How to Remove Duplicate Items from an Array in Perl

Working with arrays in programming often leads you to a common challenge: how to handle duplicate values. If you’re a Perl programmer facing this problem, you might be unsure of how to effectively remove duplicate items from an array.

In this blog post, we’ll walk through the specific technique to eliminate duplicates from an array in Perl, providing you with a custom solution as well as a look at built-in functions available in newer versions of Perl.

Understanding the Problem

Consider an example where you have the following array in Perl:

my @my_array = ("one", "two", "three", "two", "three");

In this array, the values “two” and “three” appear more than once, making it a candidate for de-duplication. The goal here is to transform this array into a unique list, essentially getting rid of these duplicates, so you end up with:

one two three

Solution: Custom Approach

Creating a Unique Function

A simple and effective way to remove duplicates is by creating a custom function. Below is a function named uniq that you can use:

sub uniq {
    my %seen;
    grep !$seen{$_}++, @_;
}

Breaking Down the Function

  1. %seen: This is a hash that will store the elements as keys. Hashes in Perl only allow unique keys, which makes this perfect for tracking duplicates.

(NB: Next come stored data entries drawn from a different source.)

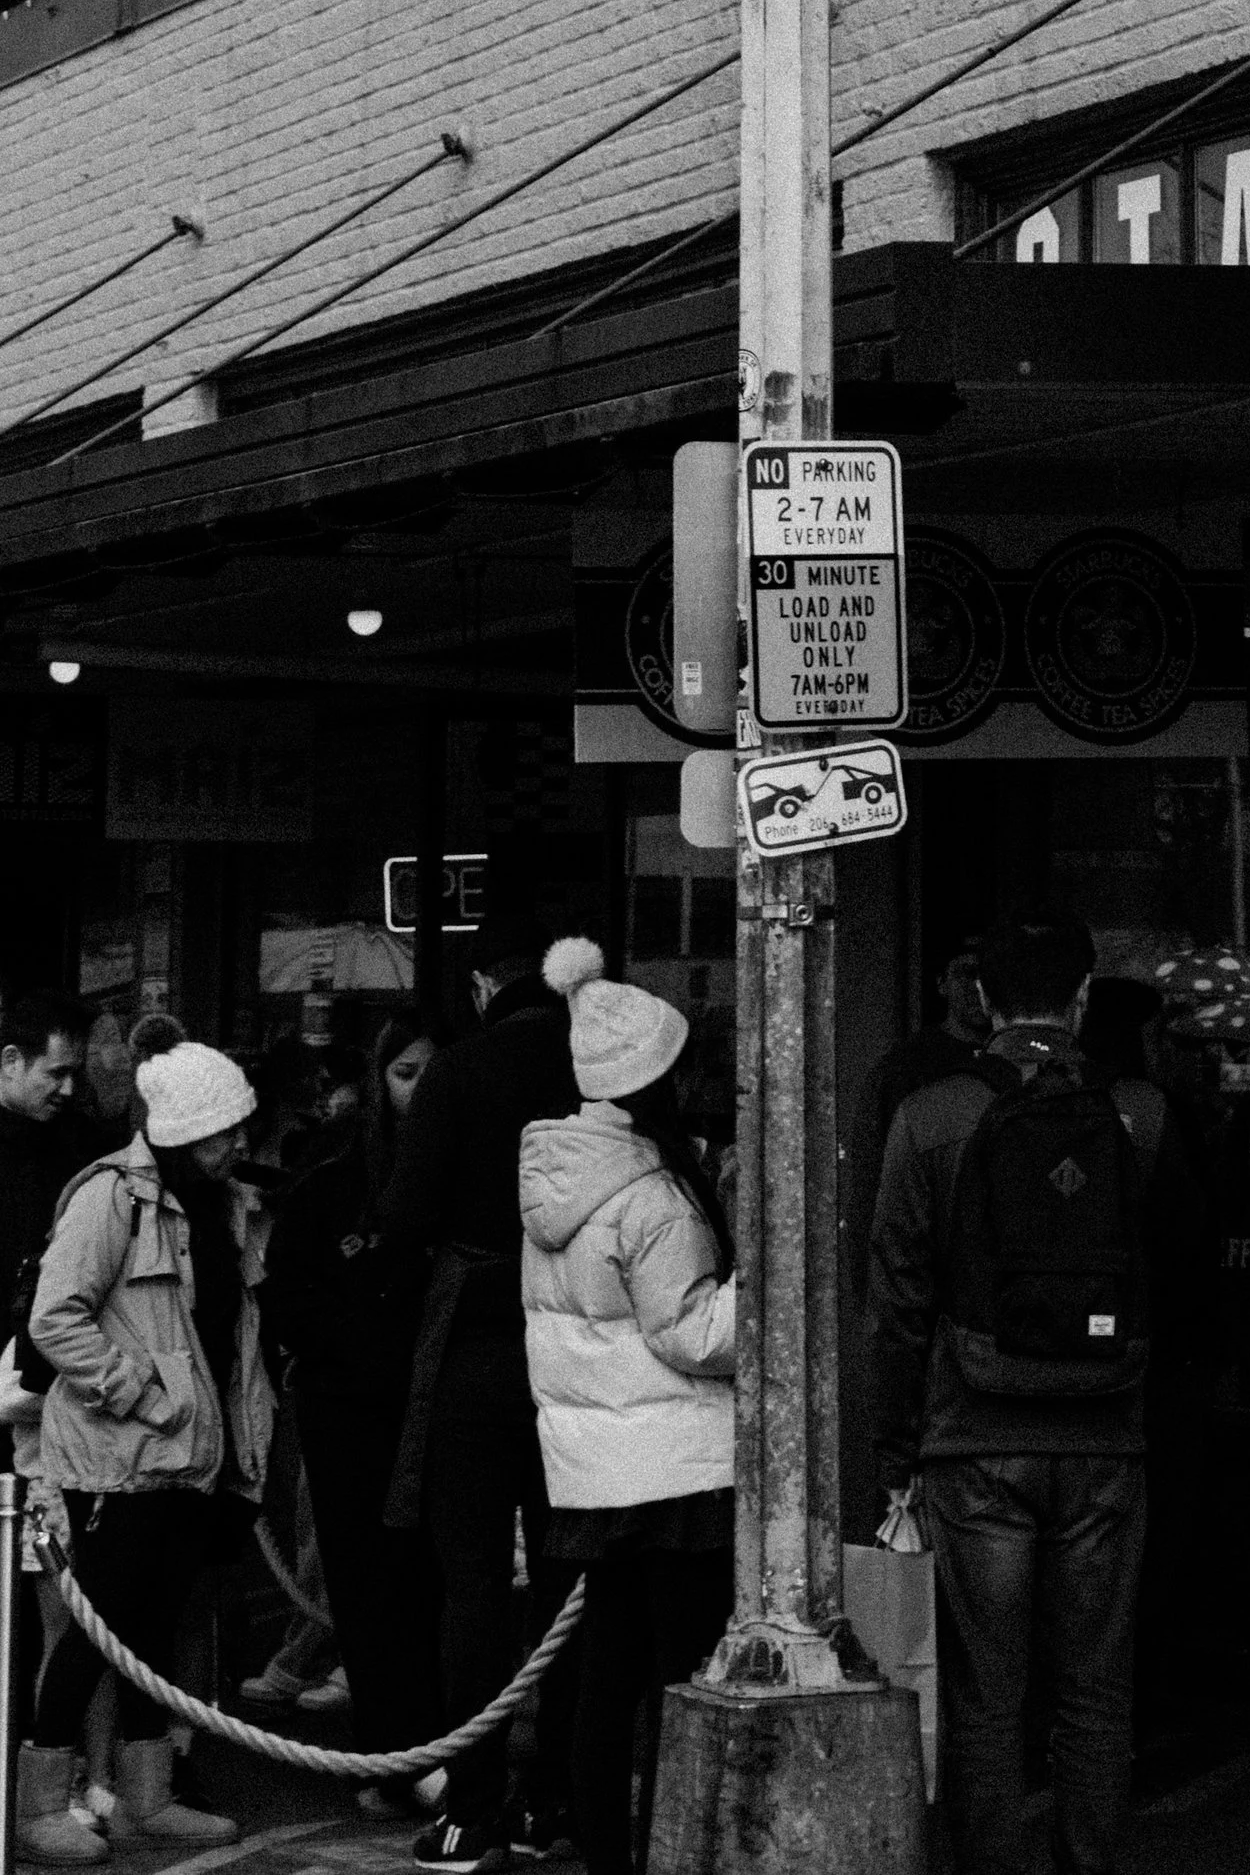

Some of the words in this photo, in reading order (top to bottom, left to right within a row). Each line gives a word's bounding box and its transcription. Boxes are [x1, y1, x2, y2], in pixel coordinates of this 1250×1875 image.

[755, 458, 785, 484] NO
[802, 460, 877, 483] PARKING
[777, 496, 824, 522] 2-7
[836, 496, 871, 522] AM
[783, 527, 866, 545] EVERYDAY
[758, 560, 788, 585] 30
[808, 565, 881, 587] MINUTE
[1056, 550, 1161, 589] STARBUCKS
[779, 596, 830, 618] LOAD
[839, 595, 875, 618] AND
[790, 621, 867, 644] UNLOAD
[803, 646, 856, 668] ONLY
[791, 672, 870, 696] 7AM-6PM
[946, 656, 997, 718] SPICES
[1037, 653, 1092, 722] COFFEE
[1102, 704, 1138, 726] TEA
[1139, 655, 1188, 717] SPICES
[796, 699, 866, 715] EVERDAY
[764, 824, 800, 839] Phone
[809, 817, 829, 832] 206

  2. grep: This function iterates over the list and evaluates the condition. Here, !$seen{$_}++ checks if the current item ($_) has been seen (i.e., exists in %seen). If it hasn’t, it adds it to the hash and returns true, allowing grep to keep this item in the output.

Applying the Function

You can apply the function to your array as follows:

my @array = qw(one two three two three);
my @filtered = uniq(@array);

print "@filtered\n"; # This prints: one two three

Testing the Output

After running this code, your output will display the filtered array:

one two three

This demonstrates that the duplicates have successfully been removed!

Using Built-in Functions

If you’re using Perl version 5.26.0 or later, you can take advantage of built-in modules for a more universal solution:

List::Util Module

The uniq function from the List::Util module handles duplicates efficiently. To use it:

  1. Make sure your Perl version is up-to-date.
  2. Install the module (if needed).
  3. Use uniq directly on your array.

Example:

use List::Util 'uniq';
my @array = qw(one two three two three);
my @filtered = uniq(@array);

print "@filtered\n"; # This prints: one two three

What Makes Built-in Uniq Better?

  • Efficiency: Built-in functions are typically optimized for performance.
  • Handling undefined values: List::Util::uniq treats undef as a separate value.
  • No warnings: This method won’t issue warnings related to duplicate values.

Conclusion

Removing duplicate items from an array in Perl can be done effectively through a custom function or by leveraging built-in capabilities, especially with List::Util. Whichever method you choose, you can ensure that cleanup of your arrays is straightforward and efficient. Now you can tackle arrays with confidence!

Practice these techniques in your Perl projects to refine your skills!